§ TASK
Please give back each line below unchanged; none of the pictures should appear.

§ PROVIDED INFORMATION
○ ○ ○ ○

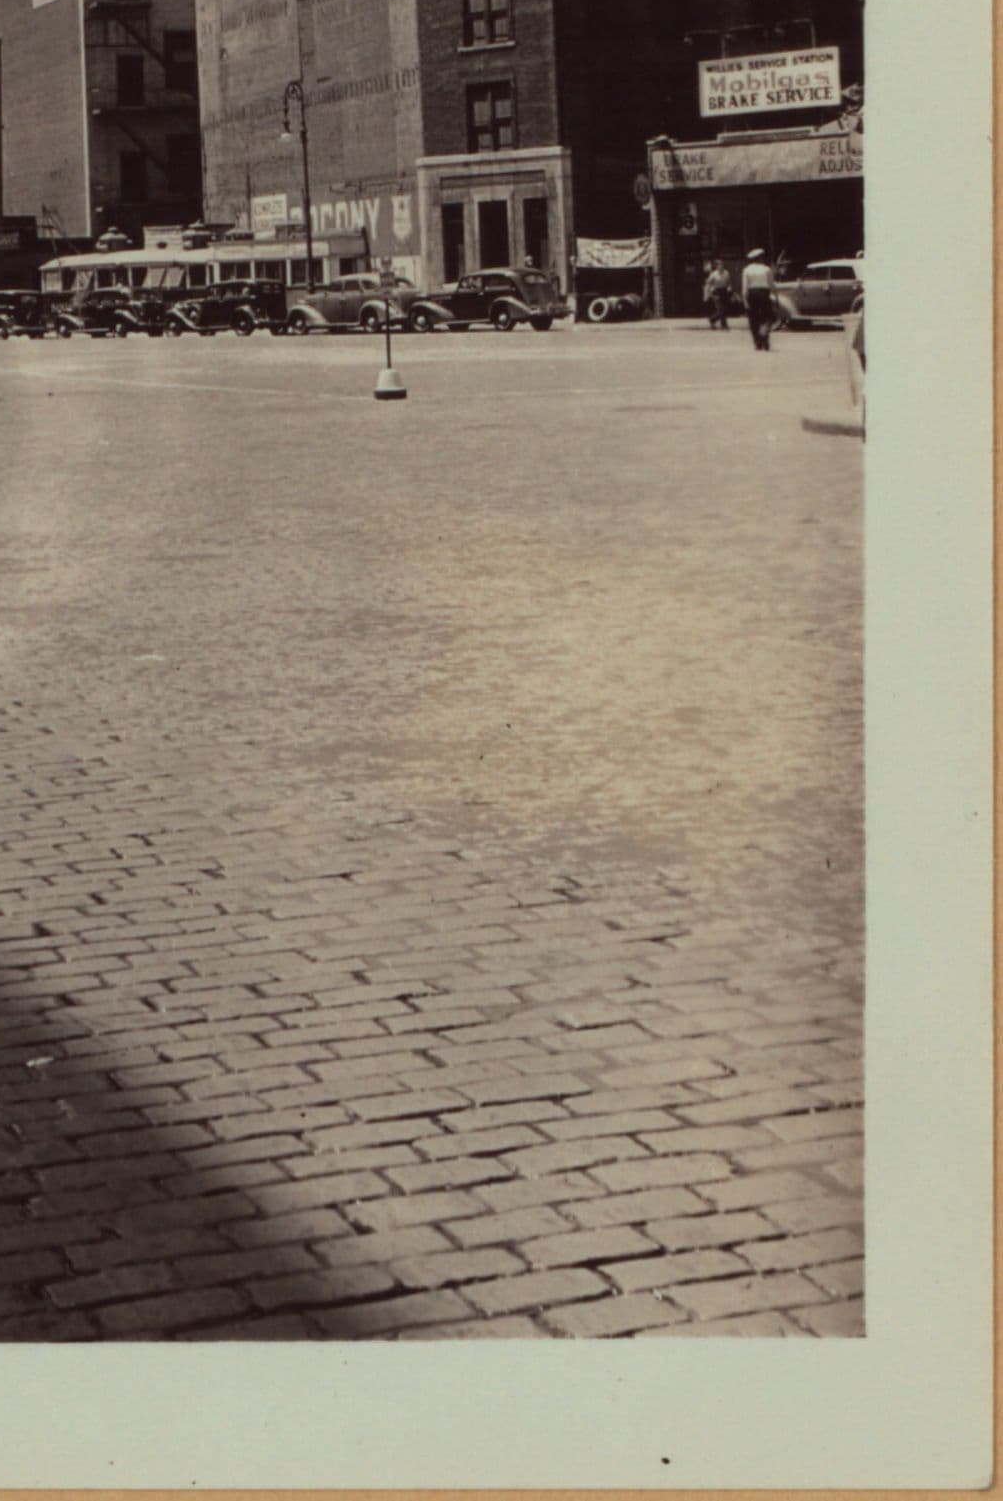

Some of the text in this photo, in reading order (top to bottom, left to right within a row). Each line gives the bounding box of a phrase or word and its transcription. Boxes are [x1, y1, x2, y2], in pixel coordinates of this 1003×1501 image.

[748, 59, 788, 70] SERVICE
[792, 53, 834, 66] STATION
[709, 70, 831, 94] Mobilgas
[708, 86, 834, 110] BRAKE SERVICE
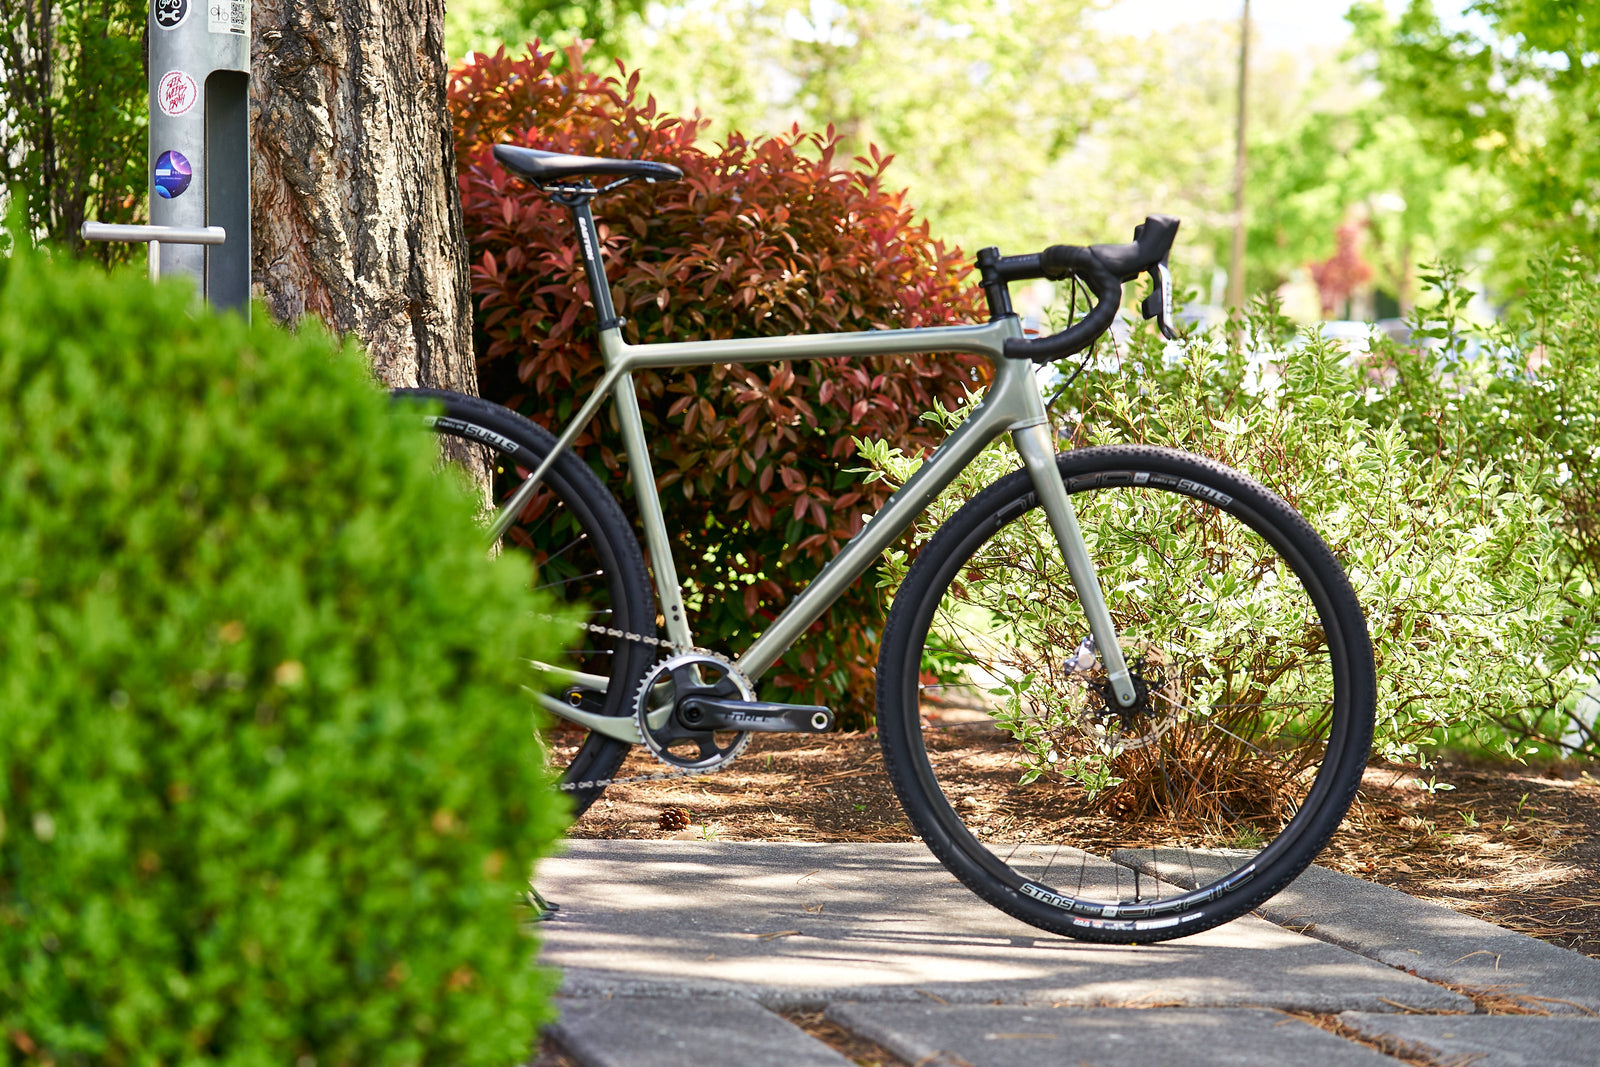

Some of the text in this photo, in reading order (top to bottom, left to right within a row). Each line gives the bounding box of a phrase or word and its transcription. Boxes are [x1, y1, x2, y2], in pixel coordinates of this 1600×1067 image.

[466, 425, 517, 452] STANS
[1178, 479, 1232, 505] STANS
[1020, 883, 1074, 909] STANS

○ ○ ○ ○

§ SOLVED PROBLEM
Some of the text in this photo, in reading order (top to bottom, left to right within a row). Each line gives the bounding box of a phrase or word and its transcription. Boxes are [x1, y1, x2, y2], in pixel coordinates of this 1003×1501 image.

[748, 59, 788, 70] SERVICE
[792, 53, 834, 66] STATION
[709, 70, 831, 94] Mobilgas
[708, 86, 834, 110] BRAKE SERVICE

Some of the text in this photo, in reading order (top to bottom, left to right within a row). Each line gives the bounding box of a phrase or word and its transcription. Boxes are [x1, y1, x2, y2], in pixel coordinates of this 1600×1067 image.

[466, 425, 517, 452] STANS
[1178, 479, 1232, 505] STANS
[1020, 883, 1074, 909] STANS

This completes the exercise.